— А у меня, Калинкин, есть ряд условий. Понятно?..
— А Саньку я можно заберу себе секретарем, а, Влада? Ну не могу я с этой глупой куклой работать, хоть убей!
Удальцов притворно захныкал, зарываясь носом в ее волосы и плотнее упаковывая ее и себя в пуховый спальник.
— Можно я ее уволю, Владочка?
— Можно, — мяукнула она сонно и улыбнулась. — Я давно хотела бы от нее избавиться, да полномочиями не обладала. А теперь, когда обладаю, как-то неловко. Давай уж ты!.. Удальцов, а Удальцов!
— Ум-м?
— Как это ты весь день просидел в кабинете, набитом деньгами под завяз, и не обнаружил их? Марина с мужем моментально нашли в потайном шкафу, а ты… Эх, ты! Если бы не Калинкин, так бы и плакали эти денежки. А тот молодец, сказать нечего! Профессионально сработал. Взял их прямо с поличным. А ты сидел, сидел…
— Мне некогда было, я изучал документацию. Да и мысли были заняты совсем другим.
— Чем же?
Она сто раз, наверное, слышала о том, как он искал ее в тот день, как носился по городу, гонимый животным ужасом, как обрадовался, обнаружив ее связанную с кляпом во рту в подвале. Как целовал ее и плакал вместе с ней, цепляясь за нее и вытаскивая на улицу на руках, и никого потом к ней не подпускал.
Все знала и помнила до мелочей, но слушать не надоело. Удальцов еще так здорово об этом рассказывал, так судорожно при этом вздыхал и прижимал к себе так тесно, что никаких слов любви в такой момент не требовалось. Все говорило за себя. Все подтверждалось и казалось бесспорным.
Он любит ее! Любит больше жизни! И любить готов вечно. Так будет теперь всегда. Он и она. Всегда рядом. И в радости, и в горе, и пока смерть…
Нет, о ней не стоит вспоминать и думать в таком месте в такое счастливое для них время.
Счастье все же у них случилось, да! Их общее на двоих счастье, о котором она мечтала тайком, а потом и ждать уже устала, все же случилось. И оно, как ей казалось, было много счастливее, чем у Калинкина и Саши, потому что выстраданным и испепеленным оно было…

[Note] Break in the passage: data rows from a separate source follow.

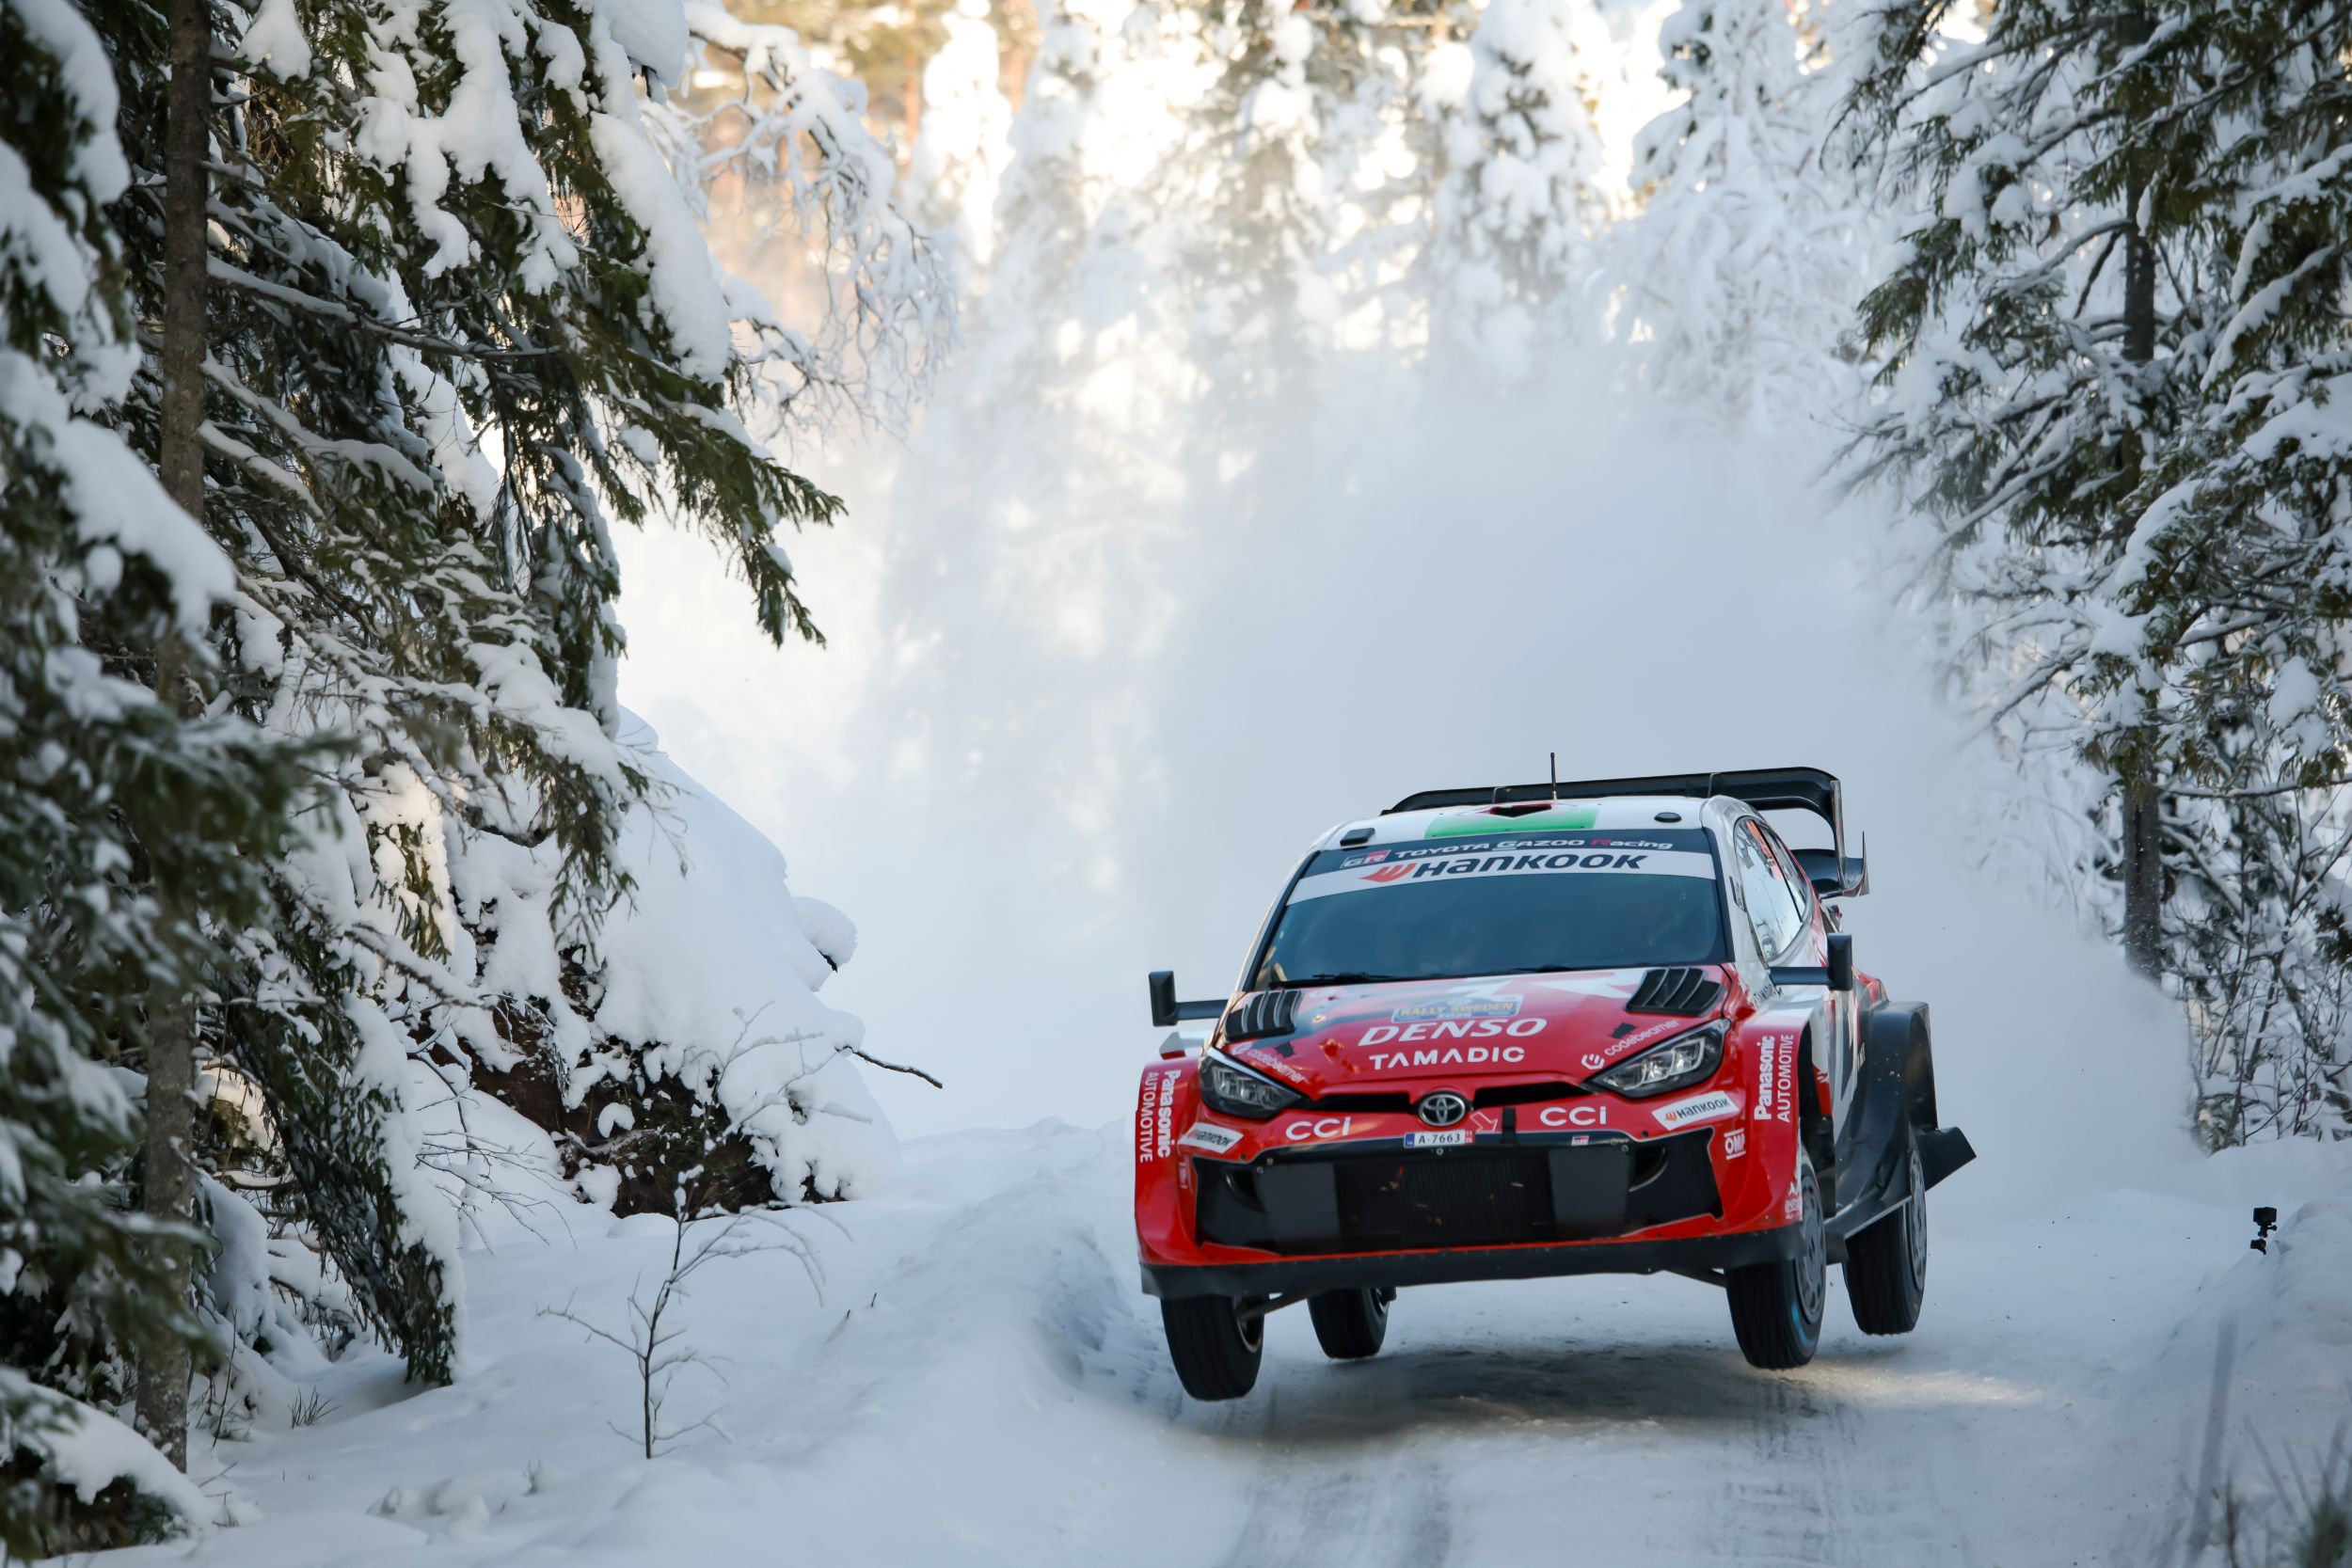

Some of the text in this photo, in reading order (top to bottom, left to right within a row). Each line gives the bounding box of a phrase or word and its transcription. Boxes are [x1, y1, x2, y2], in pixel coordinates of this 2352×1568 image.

[1343, 838, 1673, 867] GR TOYOTA GAZOO Racing
[1400, 1006, 1447, 1017] RALLY
[1450, 1002, 1514, 1013] SWEDEN
[1358, 1018, 1548, 1046] DENSO
[1604, 1020, 1679, 1056] codebeamer
[1369, 1046, 1525, 1069] TAMADIC
[1754, 1036, 1775, 1119] Panasonic
[1777, 1034, 1794, 1123] AUTOMOTIVE
[1139, 1071, 1159, 1163] AUTOMOTIVE
[1157, 1069, 1182, 1158] Panasonic
[1418, 1132, 1460, 1145] A-7663
[1724, 1132, 1746, 1154] OMP
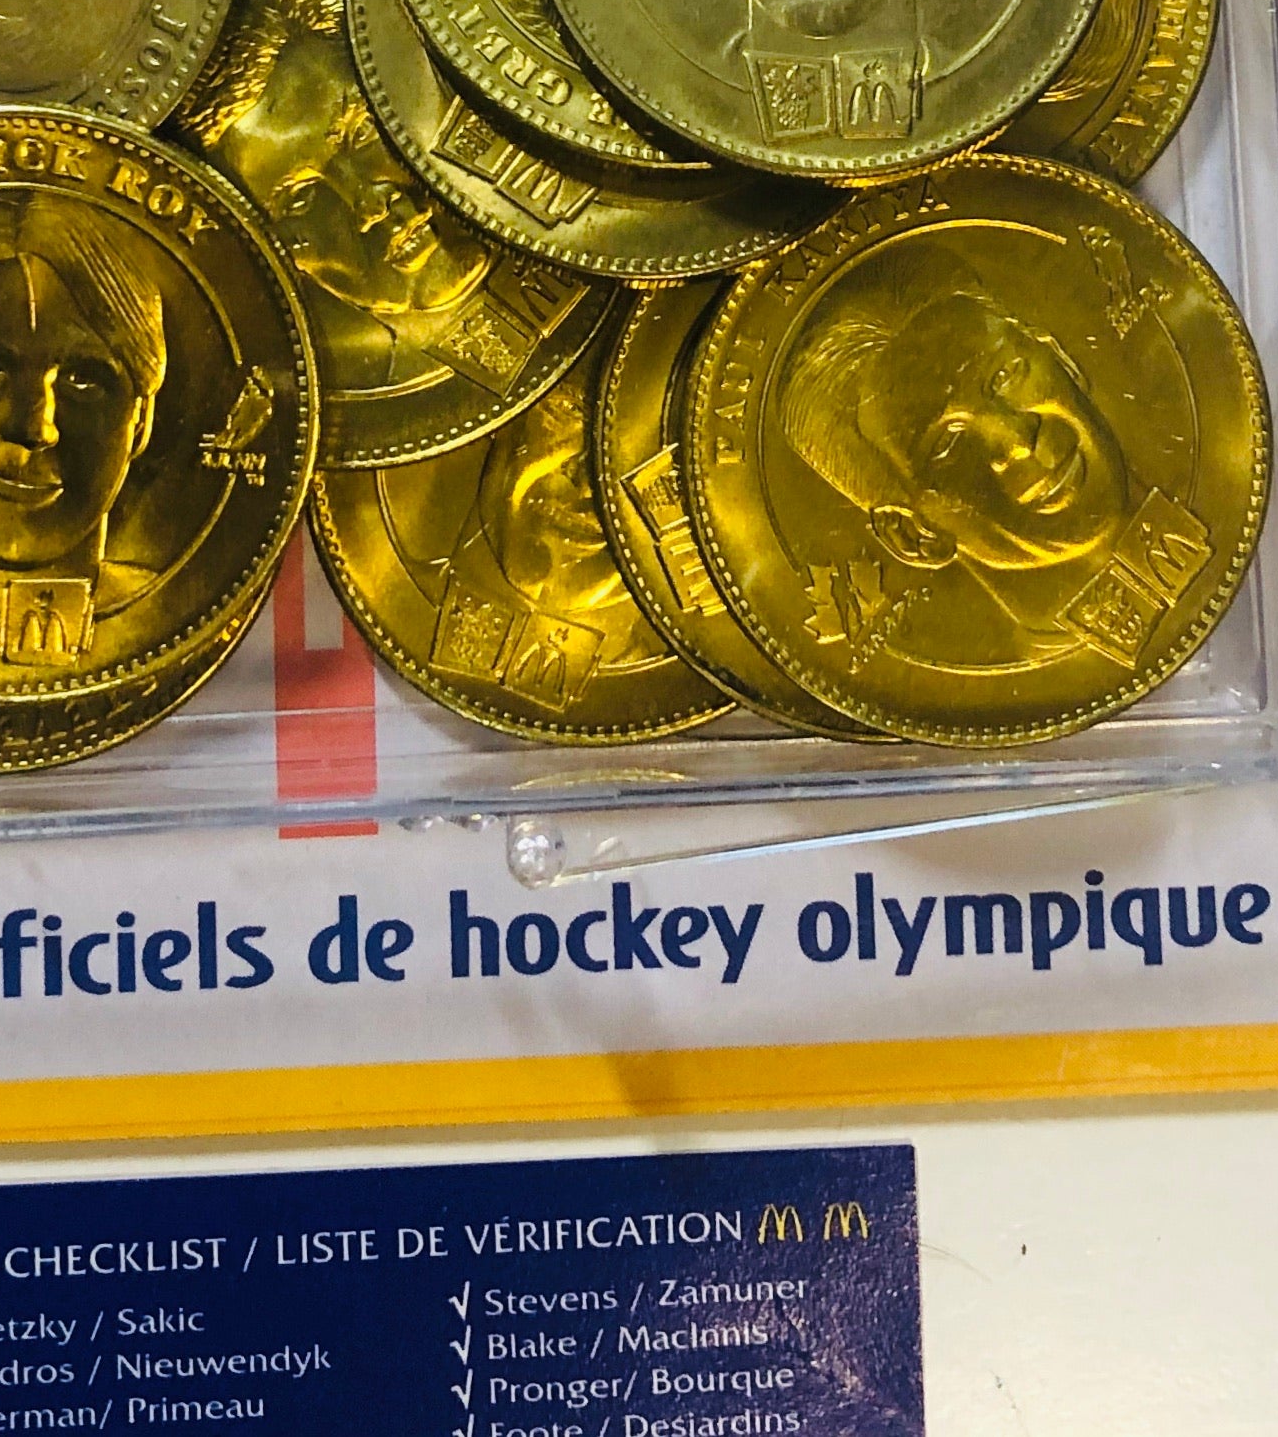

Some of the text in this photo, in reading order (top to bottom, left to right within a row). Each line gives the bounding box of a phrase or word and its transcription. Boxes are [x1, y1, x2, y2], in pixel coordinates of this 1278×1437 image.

[106, 163, 220, 248] ROY
[712, 175, 951, 465] PAUL KARIYA
[308, 895, 414, 985] de
[449, 883, 765, 985] hockey
[797, 869, 1271, 977] olympique
[4, 1237, 226, 1279] CHECKLIST
[276, 1229, 379, 1266] LISTE
[398, 1226, 449, 1259] DE
[465, 1211, 743, 1255] VÉRIFICATION
[484, 1284, 618, 1317] Stevens
[658, 1279, 808, 1309] Zamuner
[117, 1308, 206, 1336] Sakic
[487, 1331, 578, 1361] Blake
[617, 1322, 770, 1354] MacInnis
[116, 1344, 332, 1382] Nieuwendyk
[650, 1366, 795, 1401] Bourque
[127, 1397, 265, 1425] Primeau
[623, 1406, 802, 1437] Desjardins
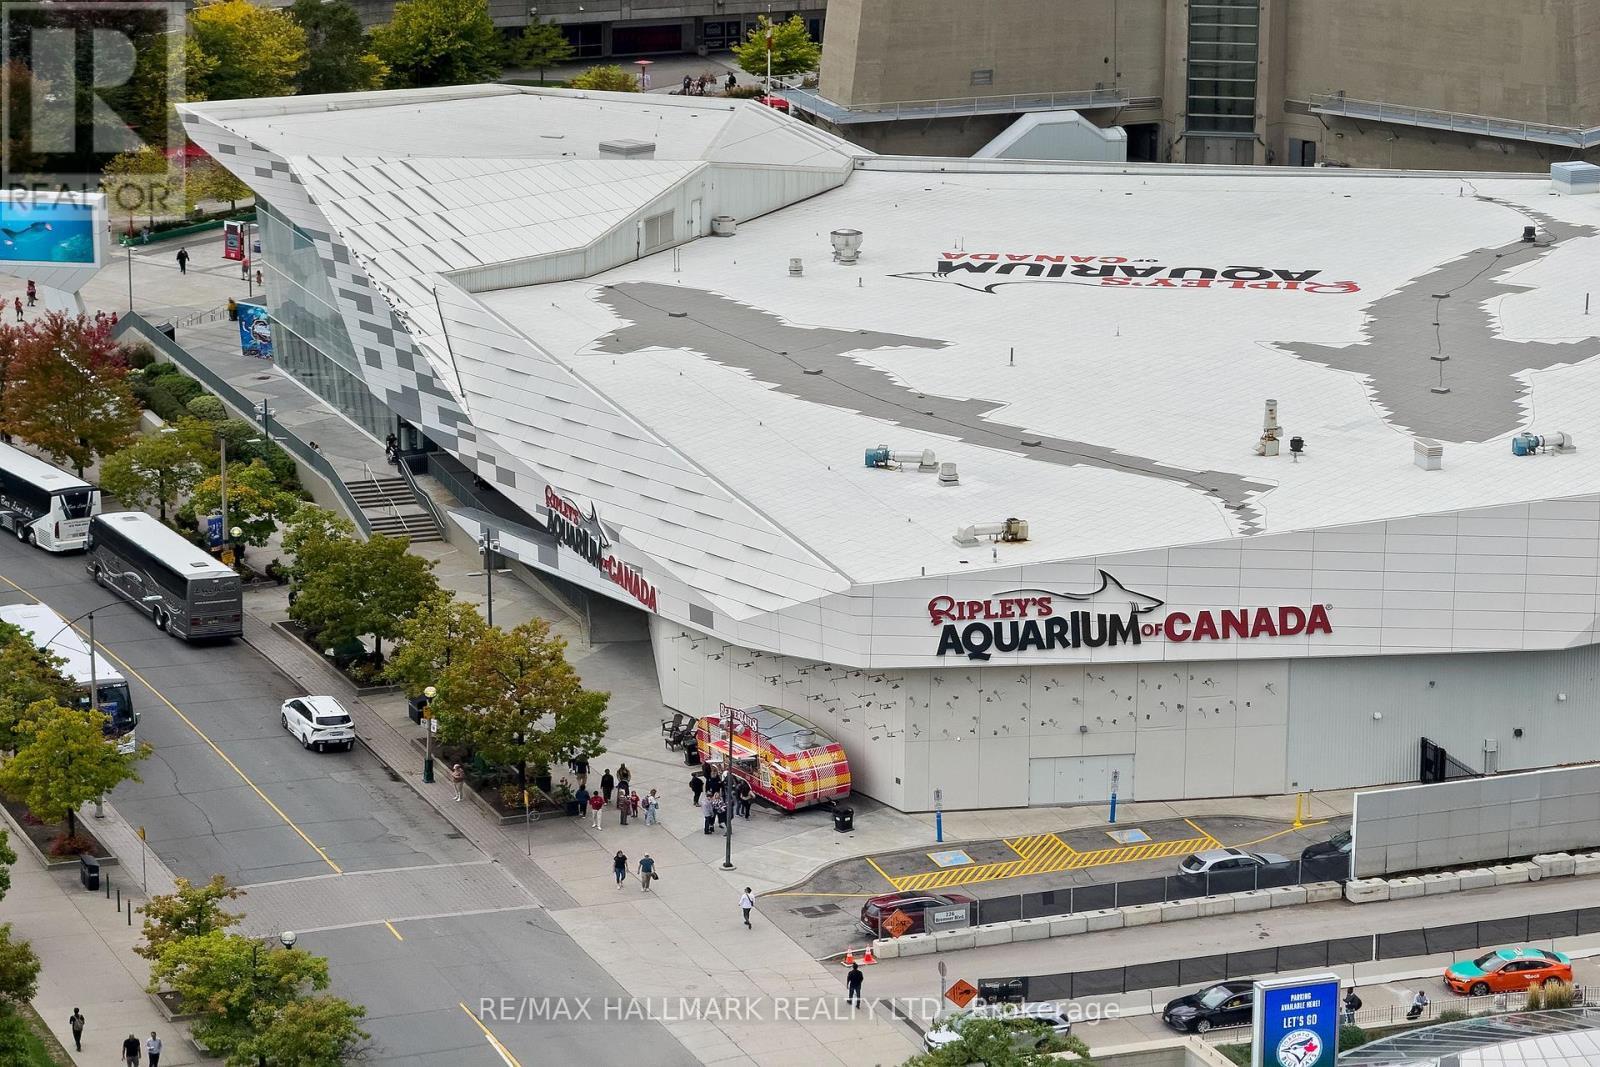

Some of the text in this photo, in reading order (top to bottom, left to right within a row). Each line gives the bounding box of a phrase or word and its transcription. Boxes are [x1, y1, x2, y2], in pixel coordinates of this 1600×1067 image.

Они ведь удрали ото всех! Да, удрали! С палаткой, спальными мешками и котелком. И второй день живут совершенными дикарями на берегу незнакомой речки. Пытаются удить рыбу, бродят по лесу поблизости и пытаются искать грибы.
Но какая рыба, какие грибы, если они ничего и никого, кроме друг друга, не видят! Уха из котелка вчера выкипела почти до самого дна, потому что они ушли сполоснуть ложки к роднику и застряли там, целуясь до боли в губах. Каша утром пригорела. А большущая рыбина сорвалась с крючка у Жени, потому что он бросился вытаскивать у Влады из пальца занозу, забыв про удочку.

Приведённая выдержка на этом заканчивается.